> **TASK DIRECTIONS**: Could you please repeat the entries below word for word, with the images left out?

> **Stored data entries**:

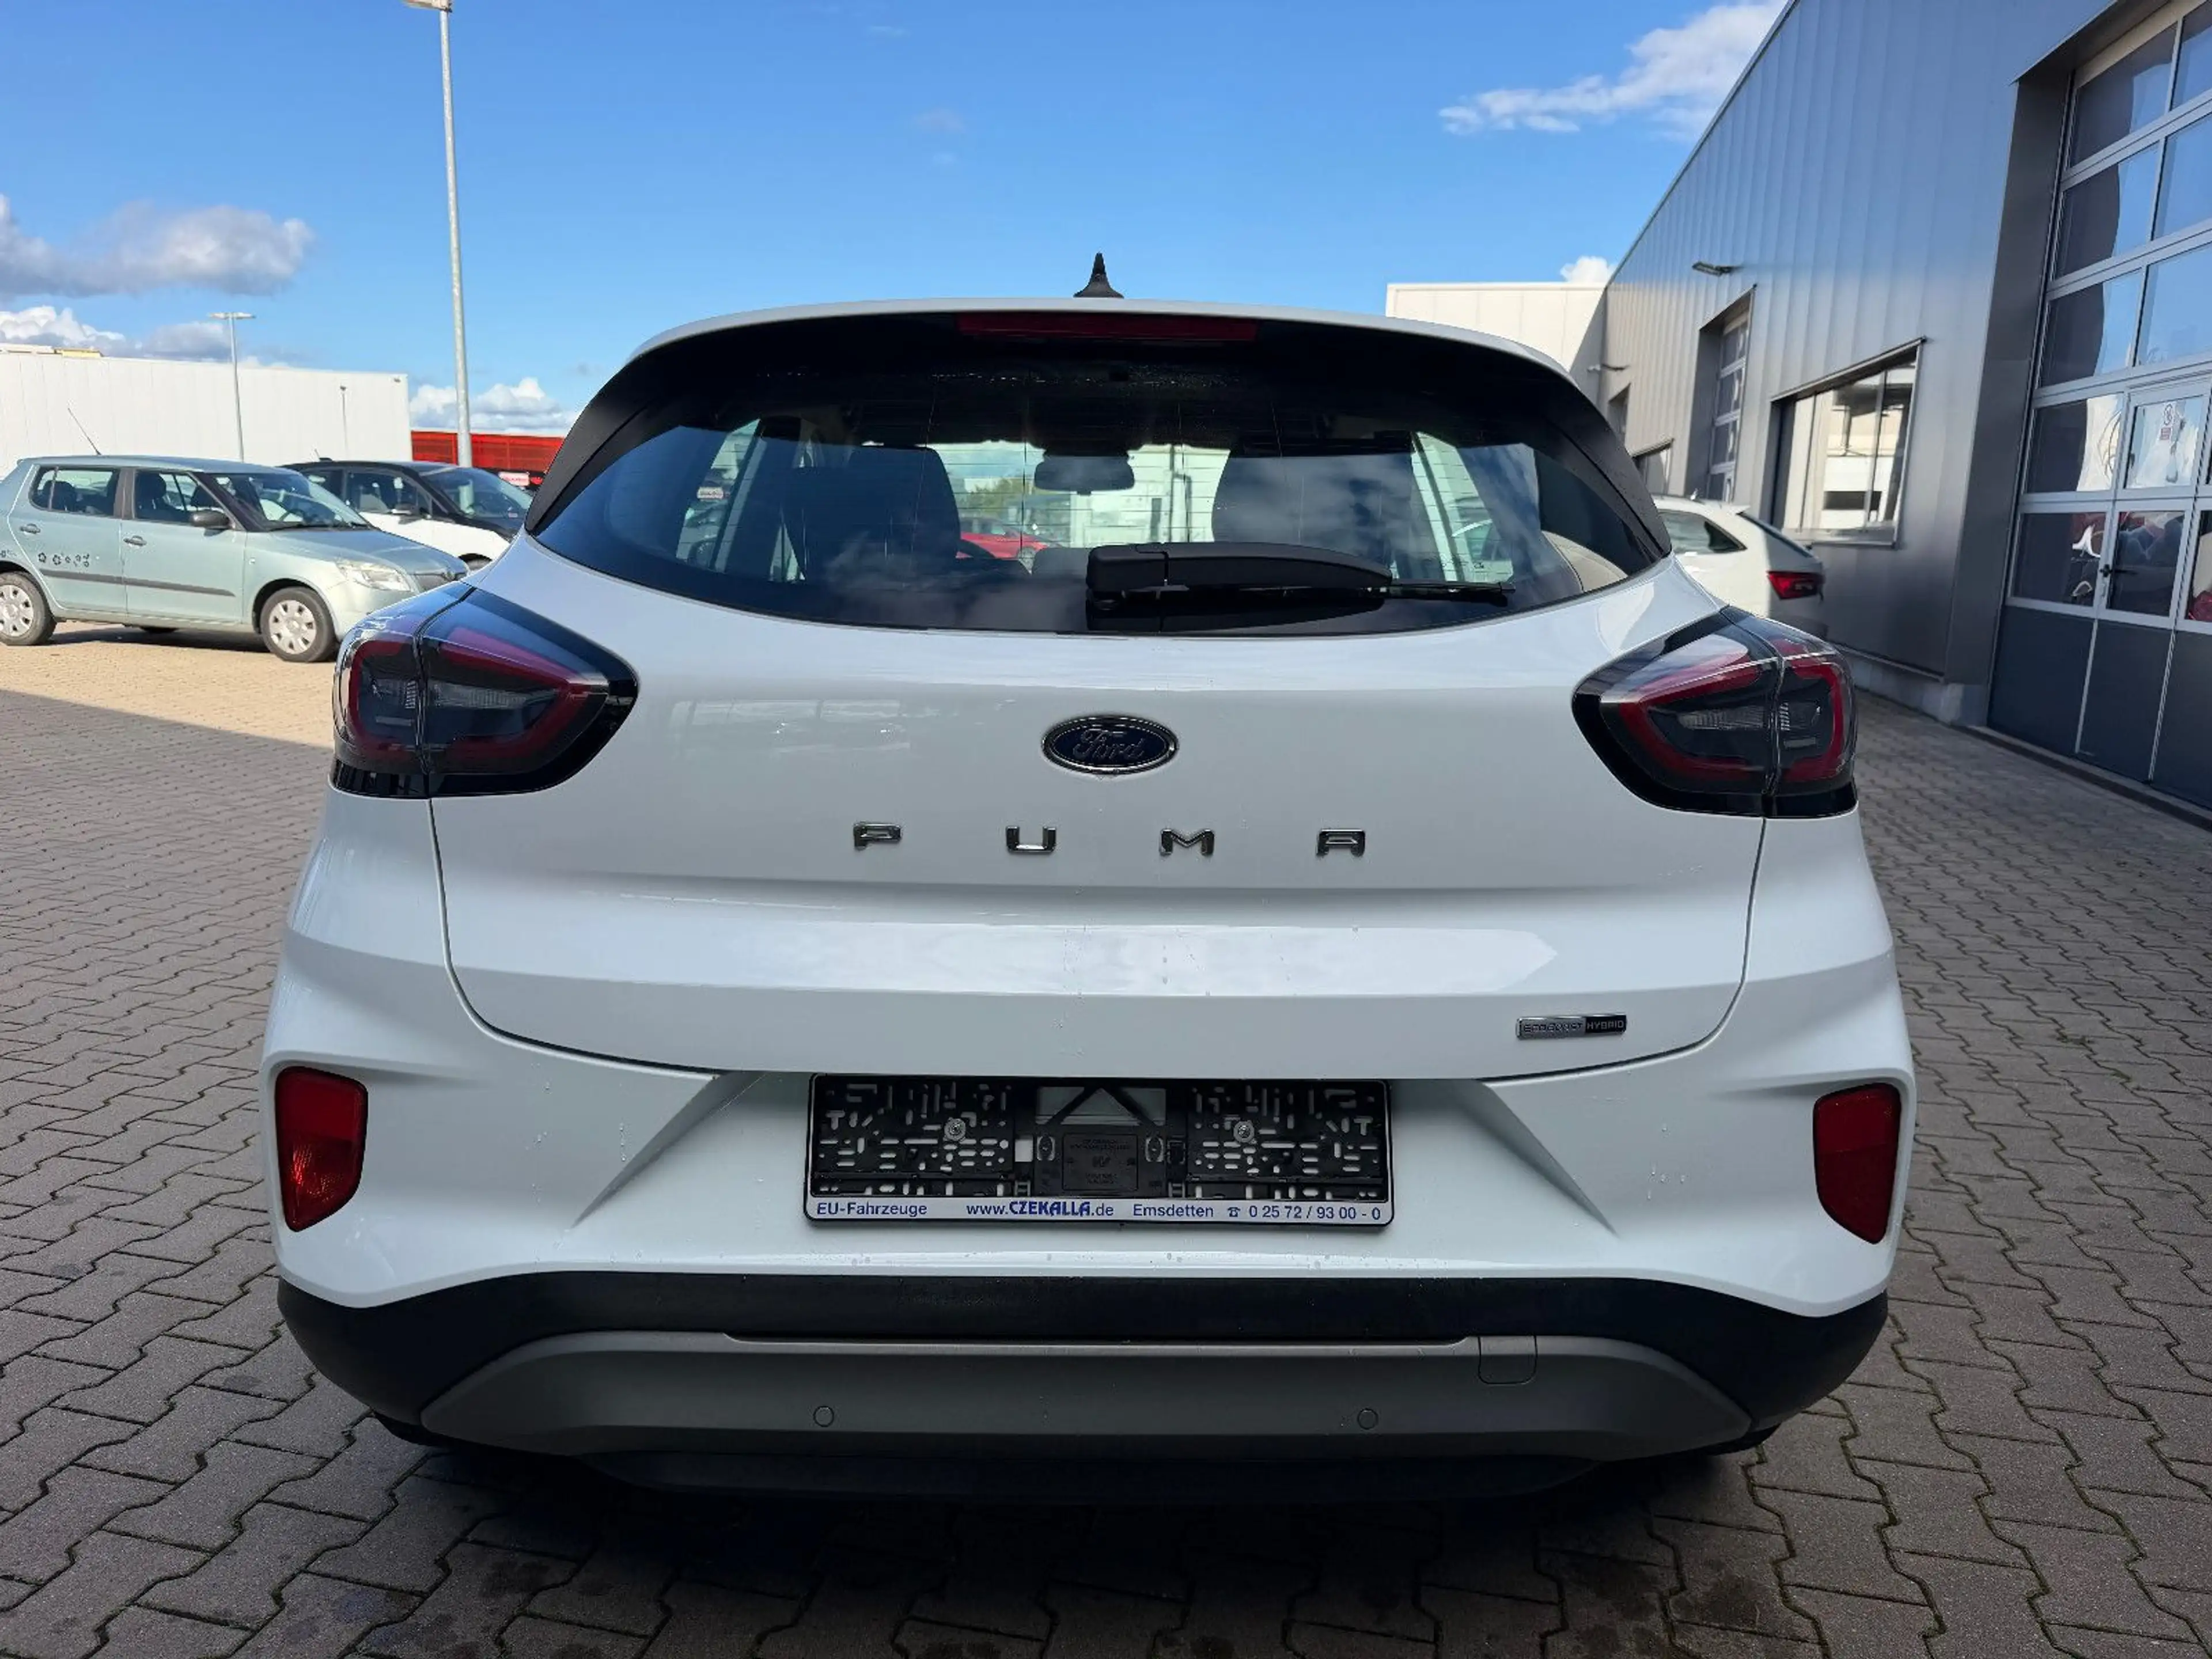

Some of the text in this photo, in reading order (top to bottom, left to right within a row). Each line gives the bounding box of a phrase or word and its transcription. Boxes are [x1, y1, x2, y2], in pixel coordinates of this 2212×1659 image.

[1073, 728, 1145, 760] Ford
[853, 822, 1366, 855] PUMA
[1587, 1020, 1624, 1030] HYBRID
[817, 1201, 927, 1217] EU-Fahrzeuge
[966, 1201, 1114, 1217] www.CZEKALLA.de
[1133, 1204, 1214, 1217] Emsdetten

> **SOLUTION**:
Some of the text in this photo, in reading order (top to bottom, left to right within a row). Each line gives the bounding box of a phrase or word and its transcription. Boxes are [x1, y1, x2, y2], in pixel coordinates of this 2212×1659 image.

[1073, 728, 1145, 760] Ford
[853, 822, 1366, 855] PUMA
[1587, 1020, 1624, 1030] HYBRID
[817, 1201, 927, 1217] EU-Fahrzeuge
[966, 1201, 1114, 1217] www.CZEKALLA.de
[1133, 1204, 1214, 1217] Emsdetten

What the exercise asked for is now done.